How to Manage the Employee Lifecycle: Reviews

Employee performance reviews can offer useful insight into how your employees are performing if done well. An open, honest review can help motivate employees and provide employers with opportunities to improve internal processes. Here are four tips to making your employee reviews more effective.

1. Multiple Reviews

The end-of-year review can be a stressful situation for both employees and employers. With the time crunch created by the holiday season, the late-year review can add extra pressure with people’s minds on work deadlines and potential bonuses.

That’s why a mid-year review (or even a 30/60/90-day review) can help take some of the stress out of the reviewing equation. That way you can dedicate more time to setting up your employees for success than trying to cram in a whole year’s worth of work into a single review.

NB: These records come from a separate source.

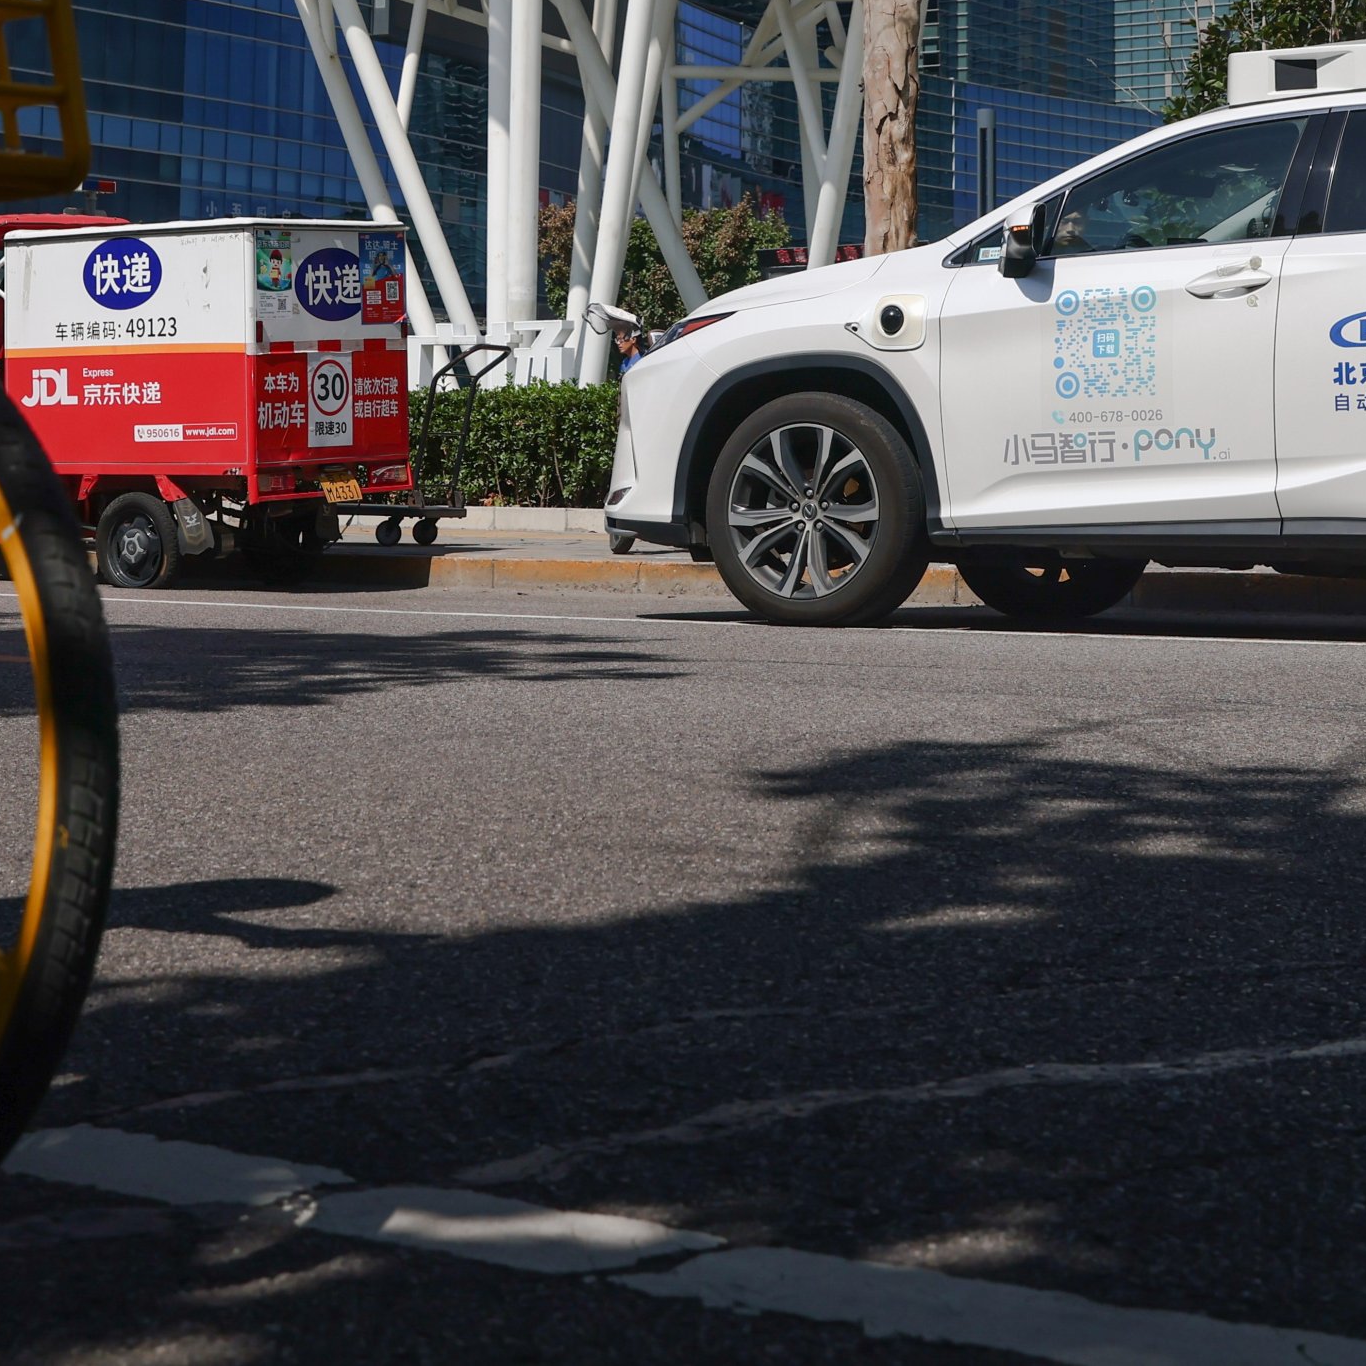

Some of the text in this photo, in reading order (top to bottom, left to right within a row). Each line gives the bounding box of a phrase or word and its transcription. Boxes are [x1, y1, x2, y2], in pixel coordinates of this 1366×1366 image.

[91, 252, 152, 296] 快递
[304, 264, 361, 306] 快递
[55, 317, 178, 341] 车辆编码: 49123
[1097, 333, 1115, 344] 扫码
[1097, 344, 1115, 355] 下载
[82, 367, 114, 379] Express
[264, 372, 300, 394] 本车为
[82, 381, 162, 406] 京东快递
[317, 373, 345, 401] 30
[354, 376, 399, 395] 请依次行驶
[258, 400, 306, 430] 机动车
[354, 399, 399, 419] 或自行超车
[1069, 409, 1163, 423] 400-678-0026
[146, 428, 180, 438] 950616
[185, 427, 235, 437] www.jdl.com
[314, 421, 347, 436] 限速30
[1003, 431, 1116, 466] 小马智行
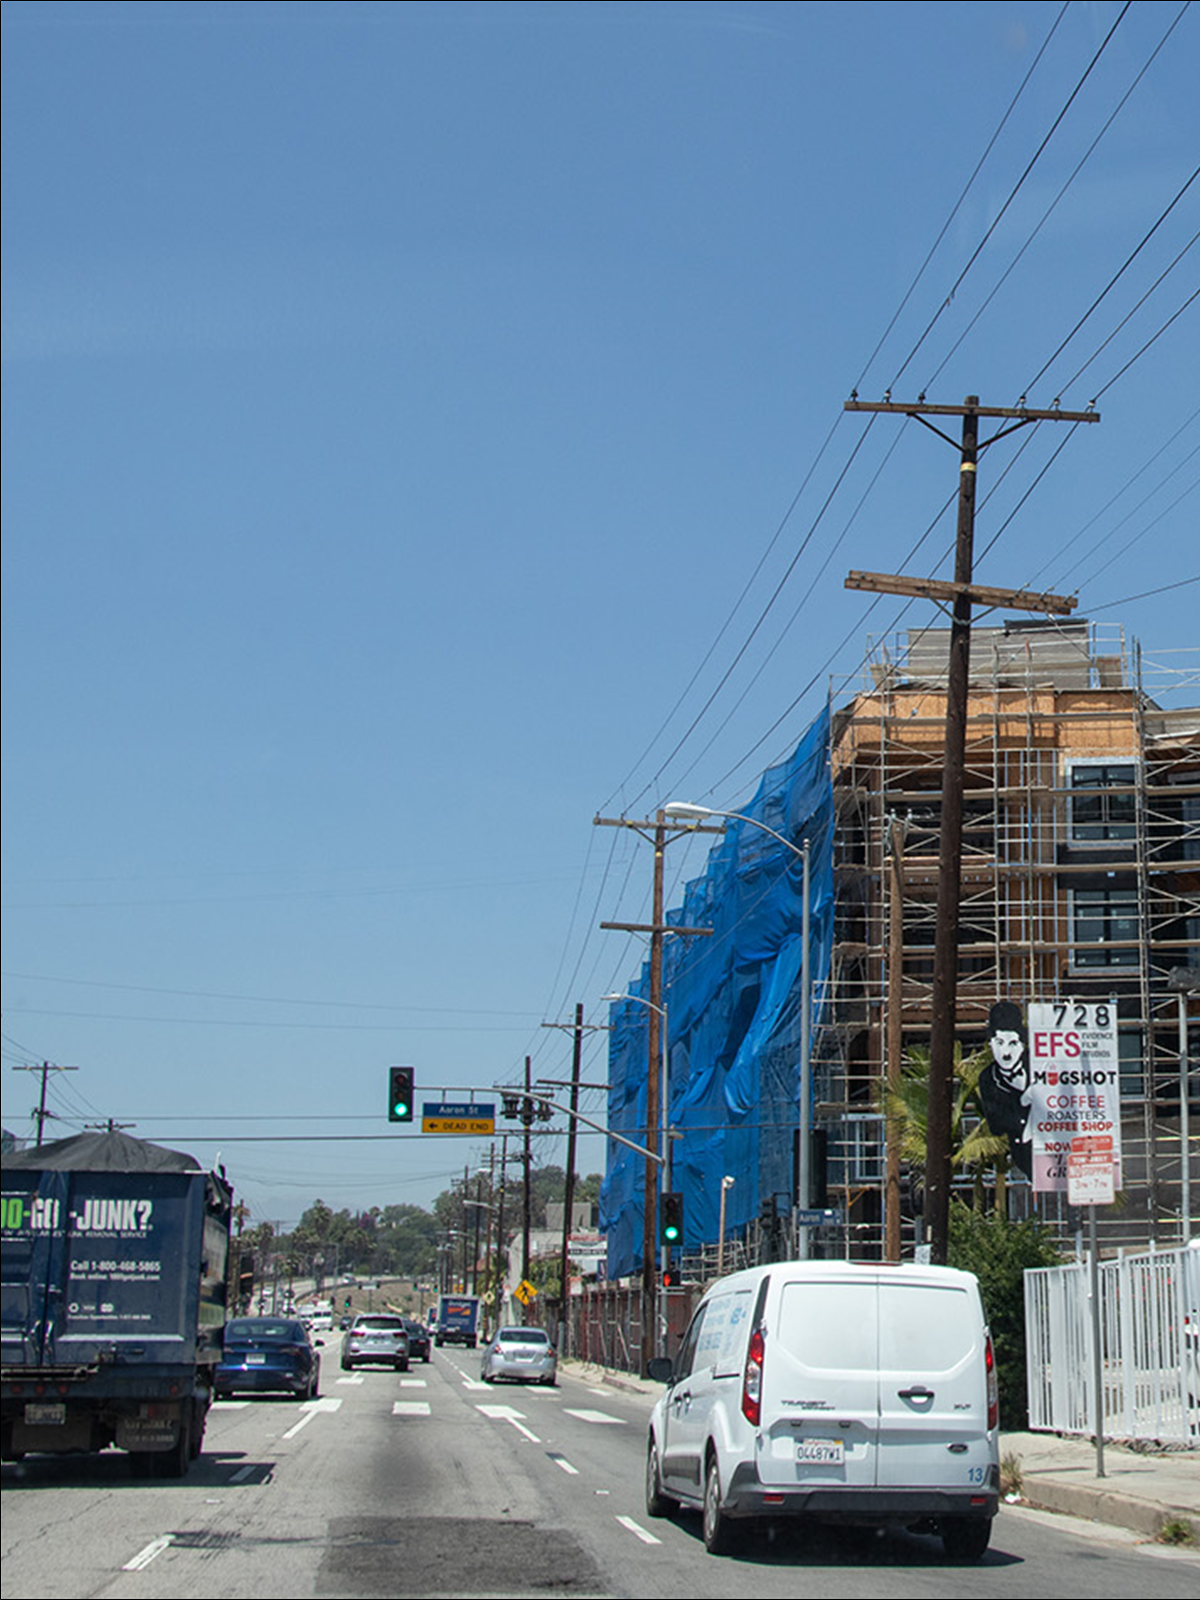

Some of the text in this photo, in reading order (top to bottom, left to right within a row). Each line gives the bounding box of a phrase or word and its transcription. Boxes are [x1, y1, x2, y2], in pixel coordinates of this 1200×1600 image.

[1053, 1004, 1110, 1027] 728
[1081, 1032, 1113, 1040] EVIDENCE
[1034, 1031, 1081, 1058] EFS
[1081, 1050, 1111, 1058] STUDIOS
[1046, 1094, 1105, 1109] COFFEE
[439, 1106, 479, 1114] Aaron St
[1047, 1110, 1106, 1120] ROASTERS
[443, 1122, 489, 1130] DEAD END
[1037, 1120, 1113, 1132] COFFEE SHOP
[70, 1260, 89, 1271] Call
[968, 1467, 984, 1483] 13
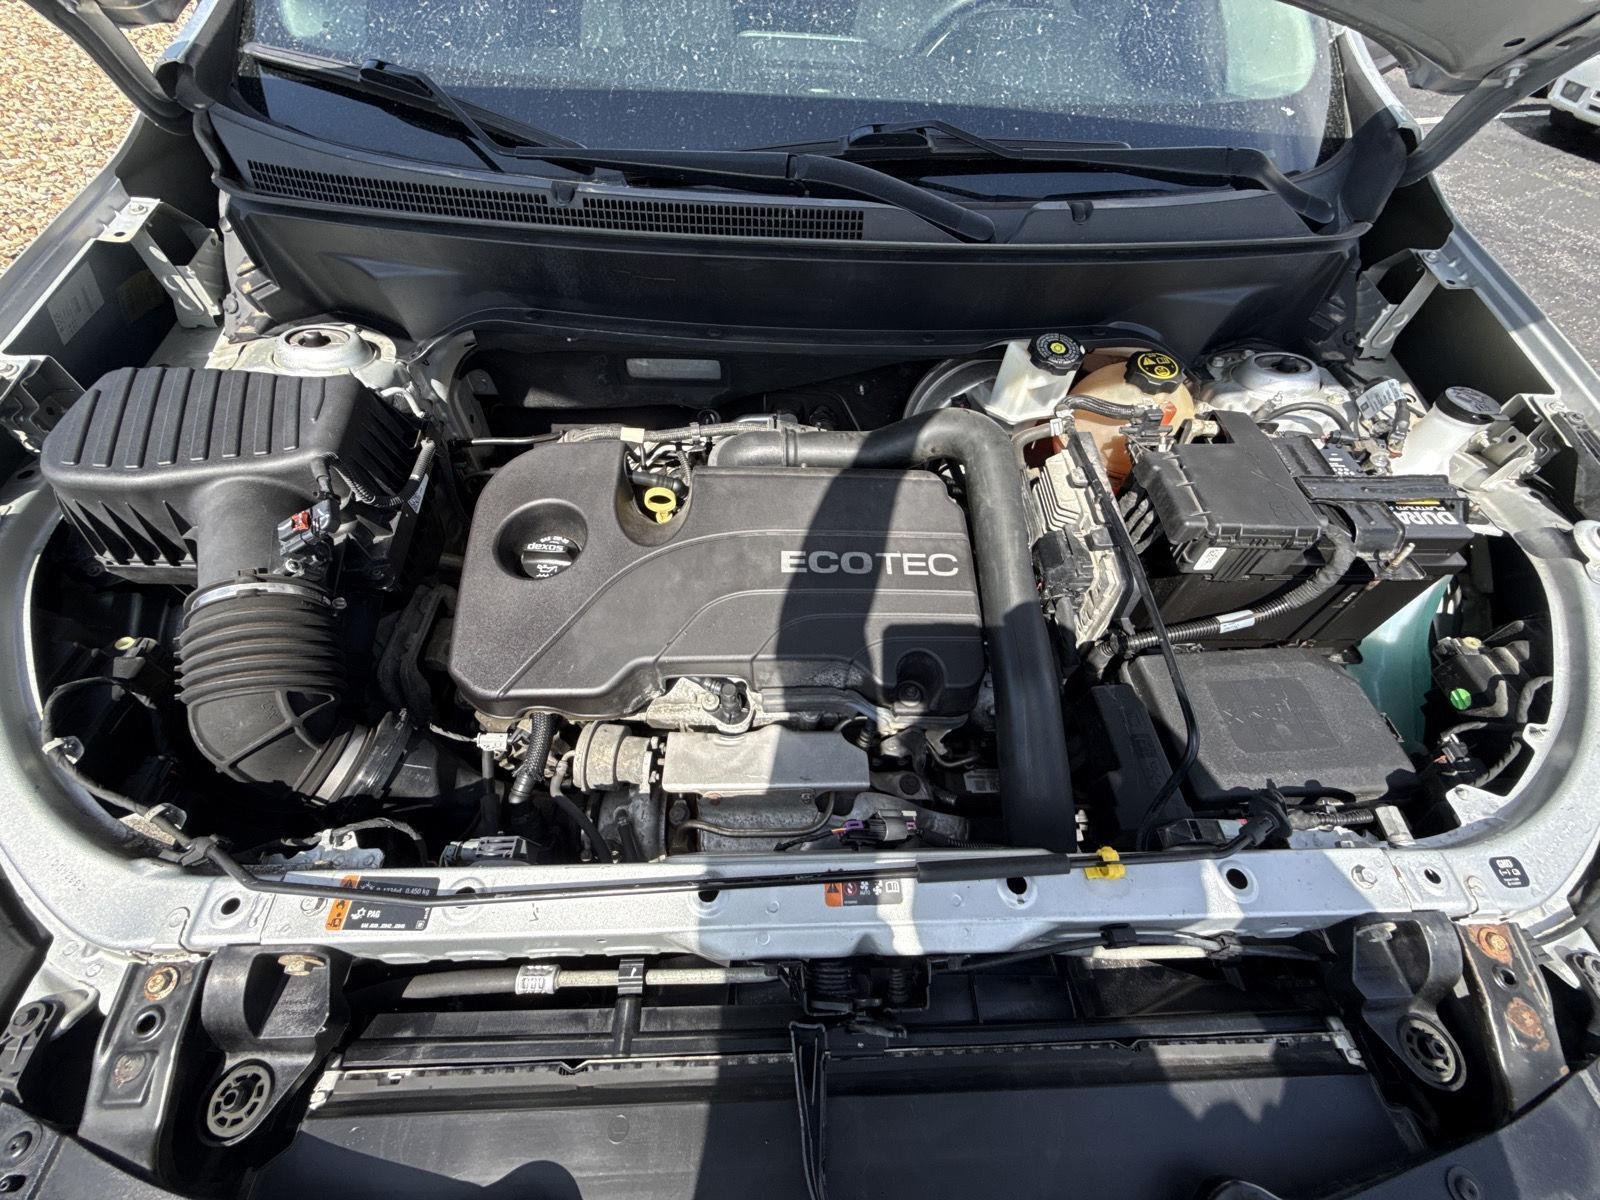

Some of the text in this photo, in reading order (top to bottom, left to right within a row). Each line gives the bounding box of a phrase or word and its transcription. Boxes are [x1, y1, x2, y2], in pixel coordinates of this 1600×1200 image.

[527, 542, 564, 552] dexos
[780, 550, 959, 577] ECOTEC
[421, 888, 430, 896] kg
[367, 909, 381, 919] PAG
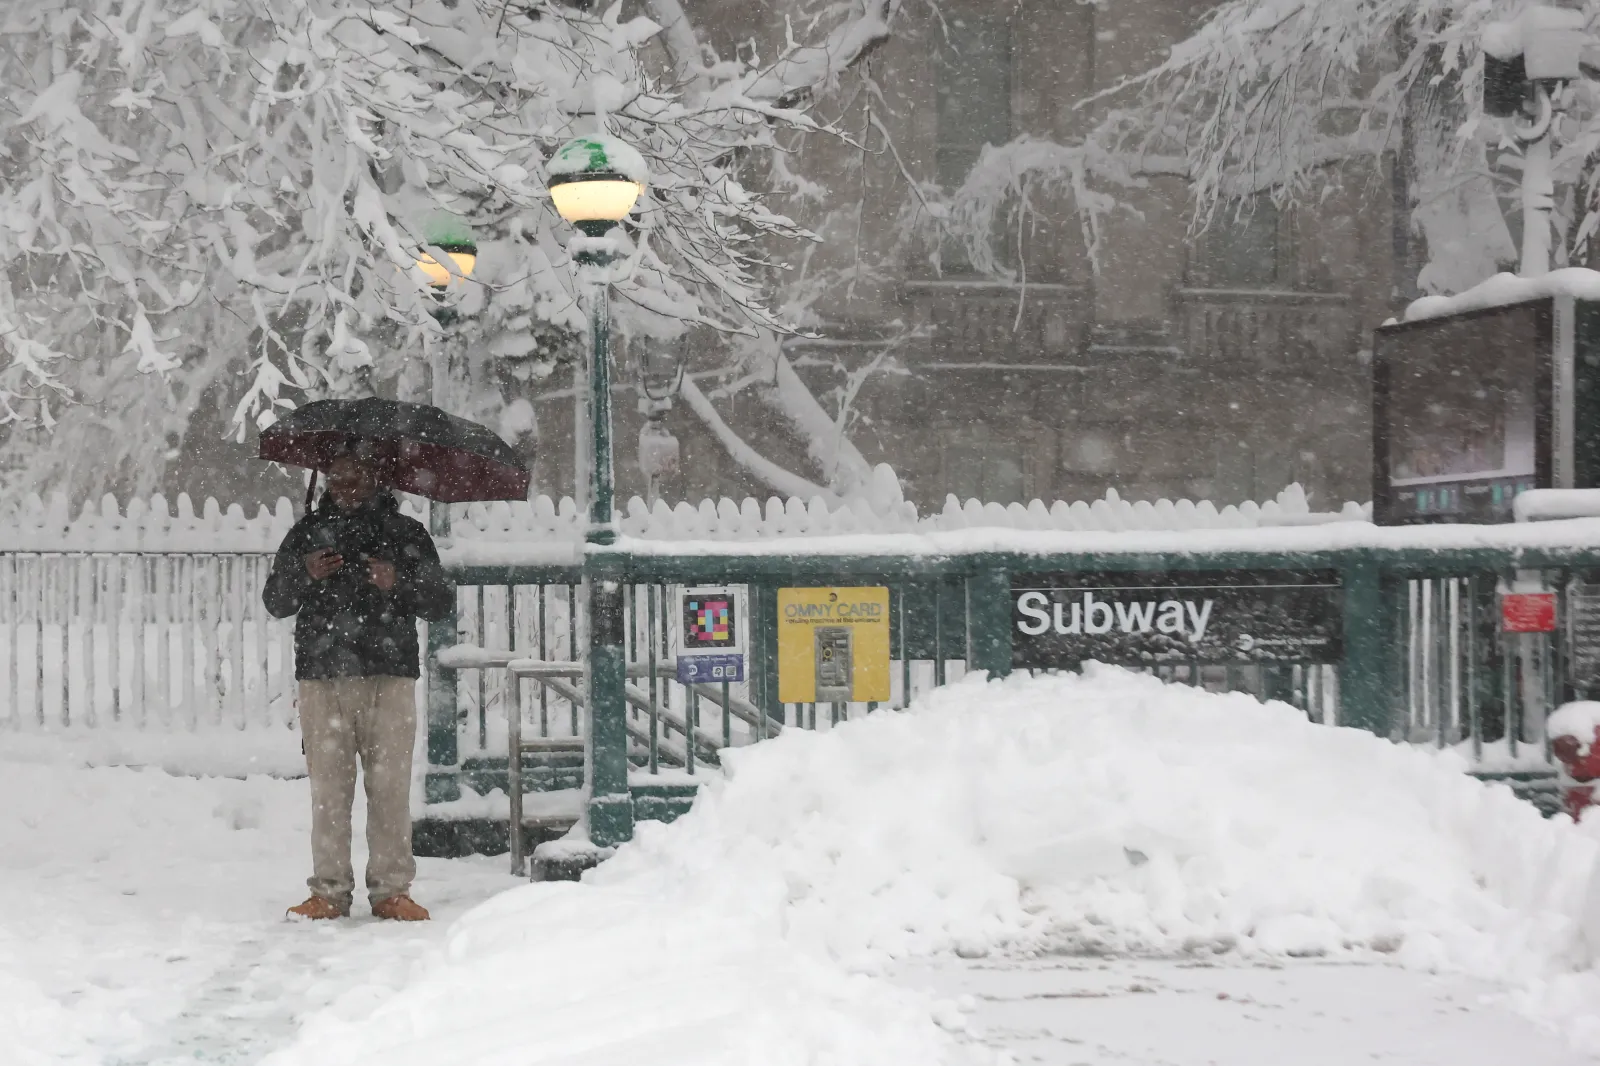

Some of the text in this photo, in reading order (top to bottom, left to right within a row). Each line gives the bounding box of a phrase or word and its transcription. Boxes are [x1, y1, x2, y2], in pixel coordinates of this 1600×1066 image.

2. Focus on Everything, Just Not the Period Right Before the Review

If you’re doing a yearly review (or as we suggested earlier, a midyear review), make sure that you’ve been paying attention to your employees throughout the review period. You aren’t just checking in on how an employee performs when he or she knows a review is coming up; you’re tracking overall performance.  Tracking and measuring (positive & possible negative) performance indicators, coupled with a mechanism to track these indicators is a key.

Your employees want to know that you care, so come to a review prepared. Vague references or generalizations come off as though you don’t really notice what they do on a daily basis. Specific examples of how an employee has done show that you actually pay attention to how they are performing.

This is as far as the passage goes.